** EXERCISE INSTRUCTIONS **
The records below must be output exactly, without pictures.

** RECORDS PROVIDED **
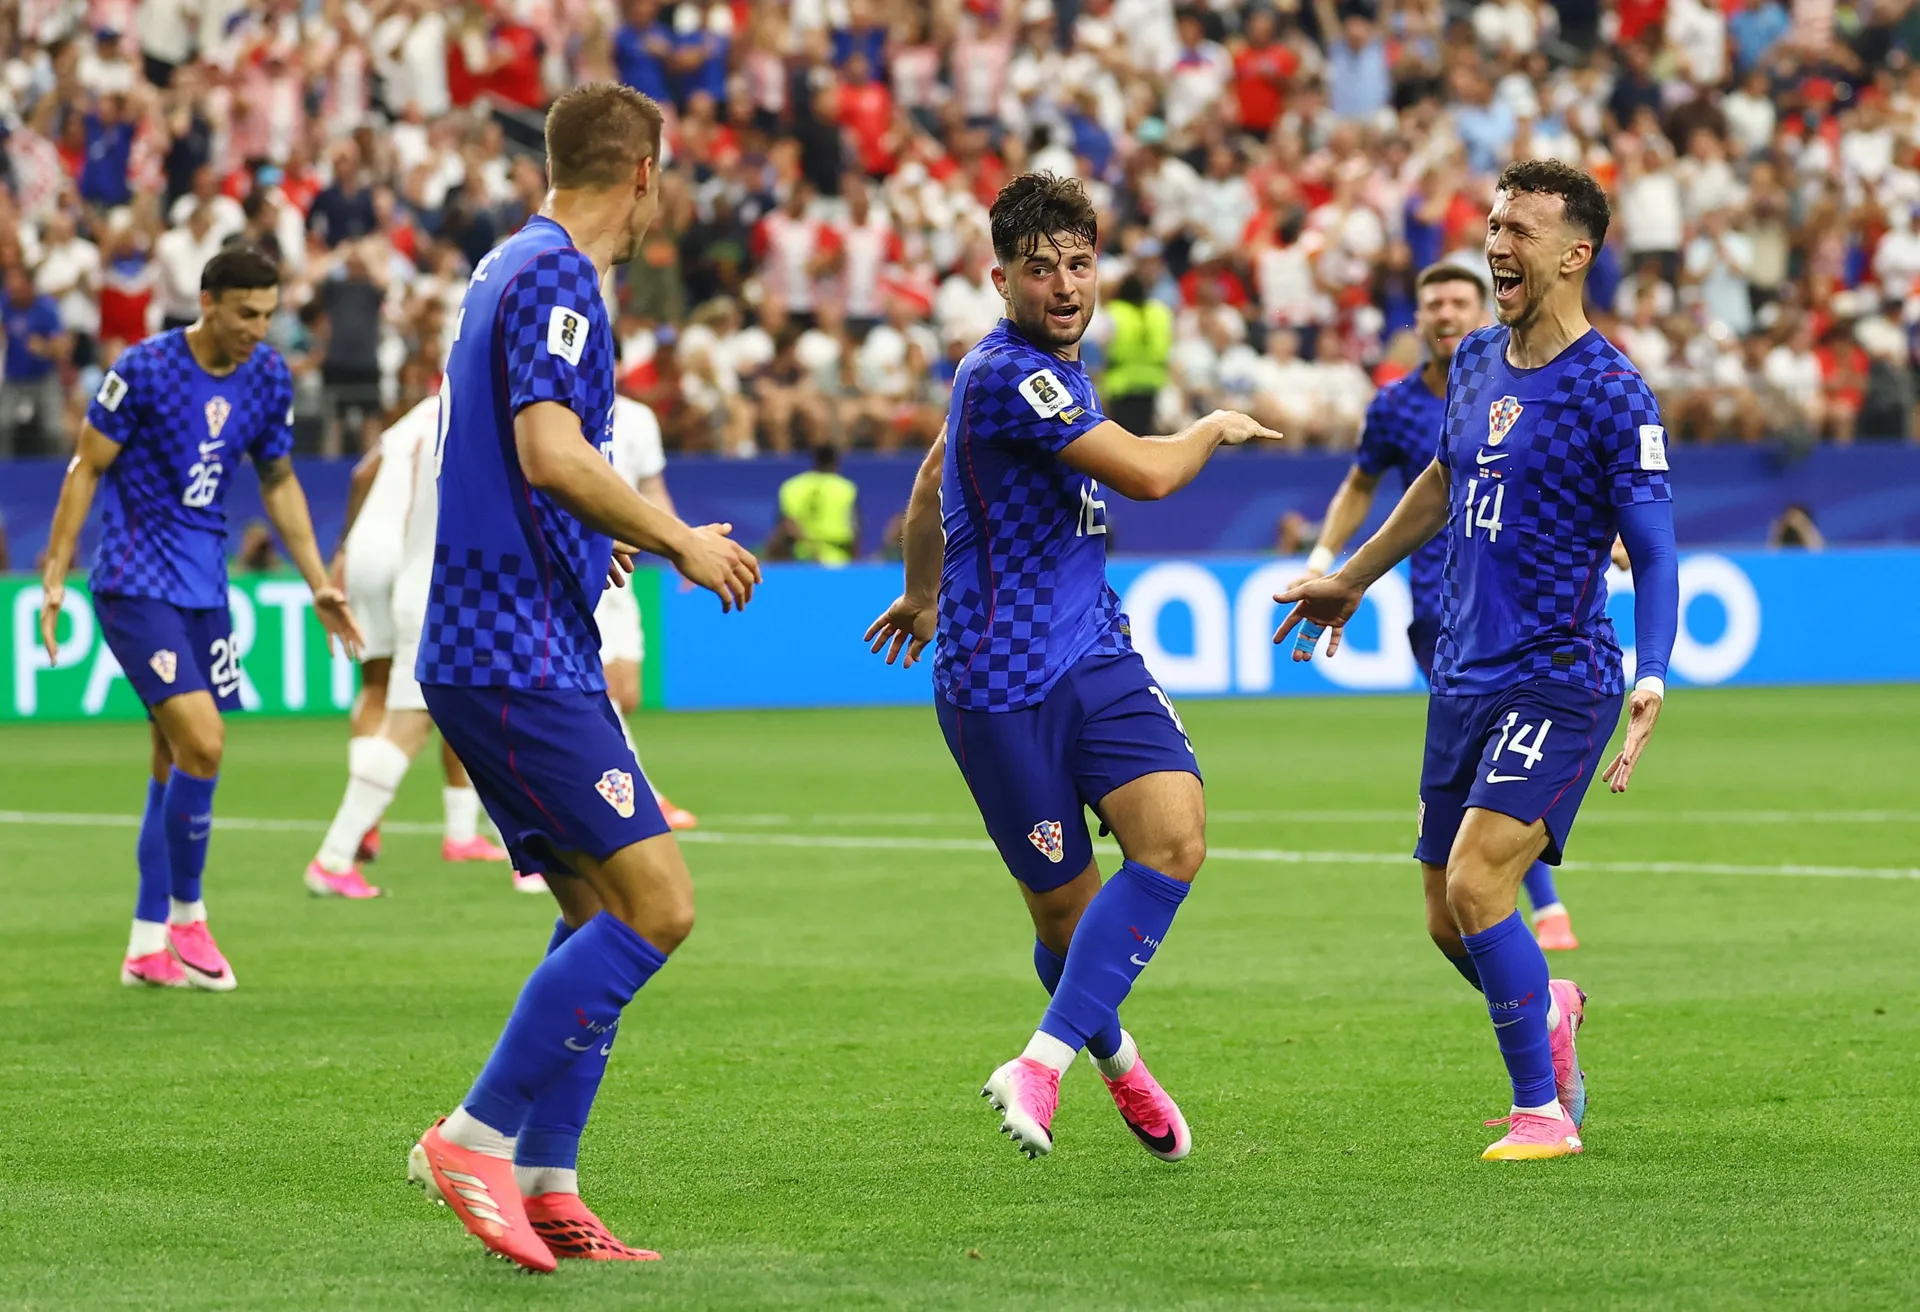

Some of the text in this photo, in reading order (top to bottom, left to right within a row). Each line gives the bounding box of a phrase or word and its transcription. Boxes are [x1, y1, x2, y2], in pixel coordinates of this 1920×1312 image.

[182, 463, 223, 508] 26
[1076, 478, 1106, 537] 16
[1465, 478, 1505, 543] 14
[1121, 553, 1762, 694] arao
[1492, 711, 1553, 770] 14
[1488, 999, 1519, 1010] HNS

** EXERCISE RESPONSE **
Some of the text in this photo, in reading order (top to bottom, left to right within a row). Each line gives the bounding box of a phrase or word and its transcription. Boxes are [x1, y1, x2, y2], in pixel coordinates of this 1920×1312 image.

[182, 463, 223, 508] 26
[1076, 478, 1106, 537] 16
[1465, 478, 1505, 543] 14
[1121, 553, 1762, 694] arao
[1492, 711, 1553, 770] 14
[1488, 999, 1519, 1010] HNS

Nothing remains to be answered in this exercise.